Sassafras Images, Photos and Facts

Sassafras is one my favorite trees. It smells good, makes good lumber and stands out in a crowd. It only falls short on my overall checklist because it doesn’t produce a fruit that we would normally eat, but it is used for flavoring root beer, which kicks it back up near the top.
This time of year (early fall) is when the sassafras really starts to shine. It is one of the first trees to start turning and has few rivals in the color department. Most of the trees around St. Louis are still green, but the sassafras is bright red. The leaves are often a mix of vibrant reds, oranges, and yellows, similar to the fall colors of sugar maples.

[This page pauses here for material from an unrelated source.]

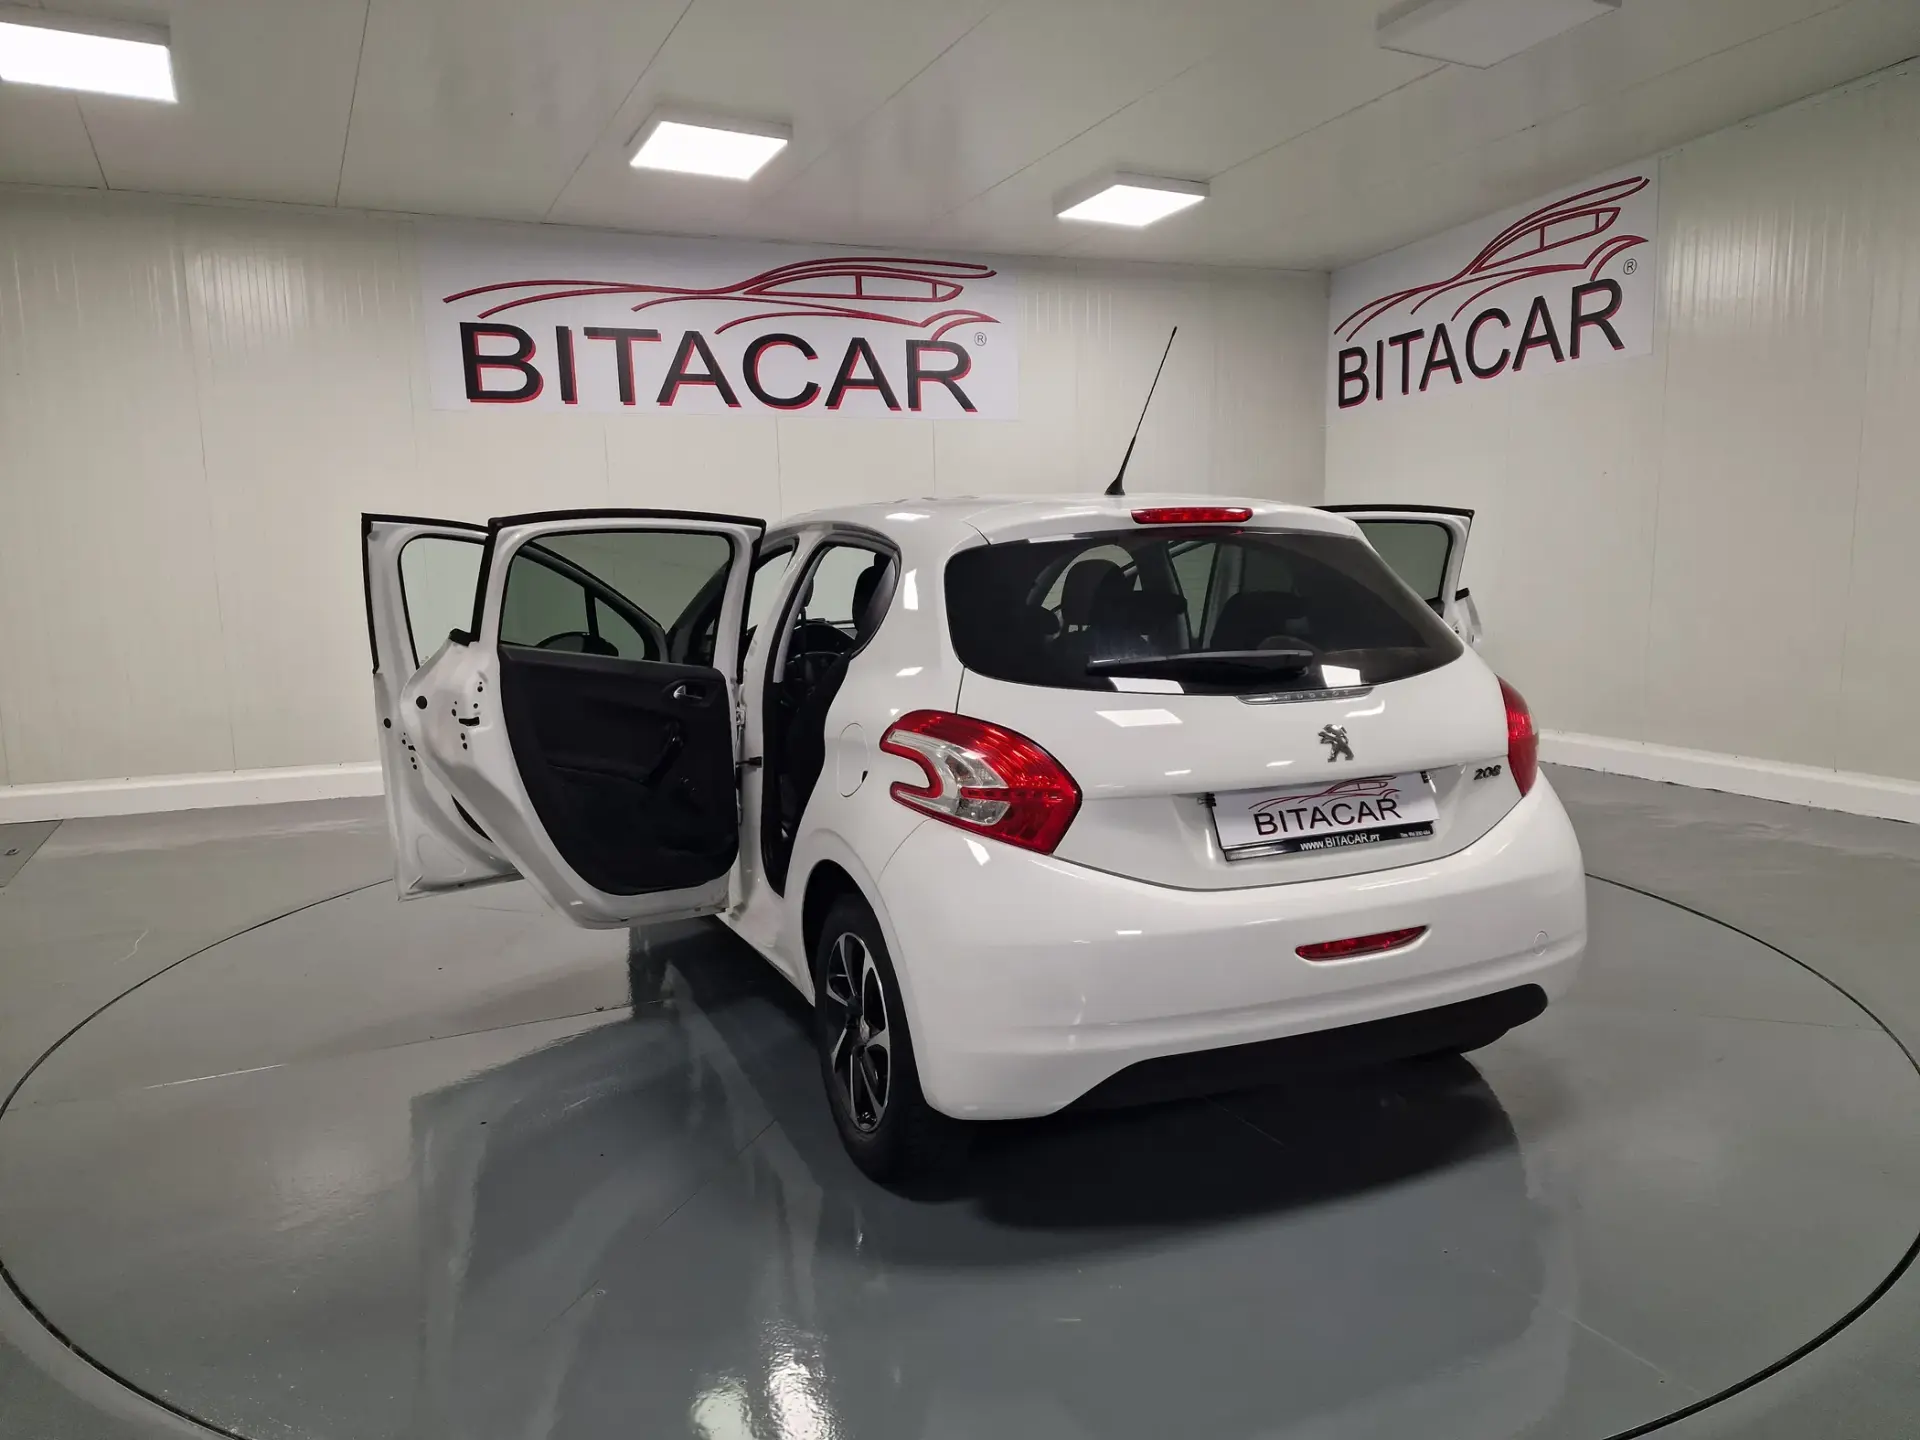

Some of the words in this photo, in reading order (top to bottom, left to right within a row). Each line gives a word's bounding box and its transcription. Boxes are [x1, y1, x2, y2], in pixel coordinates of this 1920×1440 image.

Sassafras is the ideal tree for a school leaf project because it has three leaf shapes. Everyone will be astonished and amazed when you show them first the football-shaped leaf, then pull out the mitten-shaped leaf, and finally, unveil the three-lobed leaf – all from the same tree (you might want to end with the mitten, it’s the cutest).
After you dazzle the audience with the leaf shapes, be sure to grind up the leaves in your hand and let everyone get a good smell. No other tree is as fragrant as sassafras. The lemony-fresh scent will have them lining up to buy Murphy’s oil soap and clean your kitchen. And, if you aren’t sure if it’s a sassafras, just smell it, even a blind person can tell if it’s sassafras.
If you go hunting for sassafras leaves look along property edges, where this normally wiry tree hangs out in clusters and new trees sprout up from the roots of others. They are usually small and crooked, reaching wherever possible to get to the light, but occasionally they are big and straight.
When it comes time to harvest a sassafras and turn it into lumber, get ready. If you thought the leaves smelled, just wait until you have a nose full of sassafras sawdust. That scent will linger in your head for days, but it will remind you that you have some of the best-working wood in your hands. This soft hardwood dries flat, is lightweight and works like butter. The wood itself isn’t too showy and looks like a green-tinted ash when fresh cut. But, after a little time, the green turns to a rich, medium brown and looks like no other.
If you have a photograph of a piece that you have built out of sassafras, please let me know, so I can share it with others (I promise not to take all of the credit).
- Sassafras fall colors.
- Sassafras starting to turn in the fall.
- Sassafras fall colors.
- Sassafras trees wind their way up.
- Sassafras bark from a 6″ diameter trunk.
sassafras is in the avocado family. and there are FOUR leaf shapes, if you include both left and right mittens.
You know i am bigtime familiar was this. Still have some we cut a couple of years ago. Also have a few growing around me. Put it on the mill and it will be
a great day. WHAT A SMELL!
Scott, get me some smallish sassafras boards and I’ll make some boxes you can use (er… You can use pictures of the boxes) to show what it looks like.
I’ll even pay you for the wood! 🙂
When i was growing up I lived in Michigan ,my family and I would go into the woods to find ,mushrooms cabbage,ad a few other things,i would eat the leaves of the sassafrass very good
WOULD SASSAFRAS BE A GOOD CHOICE FOR MAKING COOKIES, HOW LONG TO DRY/SEAL. WILL BE USED IN MID JULY FOR TABLE CENTERPIECES
Sassafras is a good stable wood, but can crack like any others. Mill them just a couple weeks before they are needed to reduce cracking.
Medical purposes, what are the medical remdy?
Sorry, I don’t know of medical purposes for sassafras.
Boil the roots for a tea is the only medical use I know of for sassafras. The “oldtimers” said drink the tea in the early spring to thin your blood after a long winter spent mostly indoors. Too bitter for me.
Dry and grind the leaves for Cajun seasoning called “file.”
We made boat paddles out of sassafras way back before we got fancy and had electric trolling motors. Very light and strong, wouldn’t soak up water and wouldn’t rot.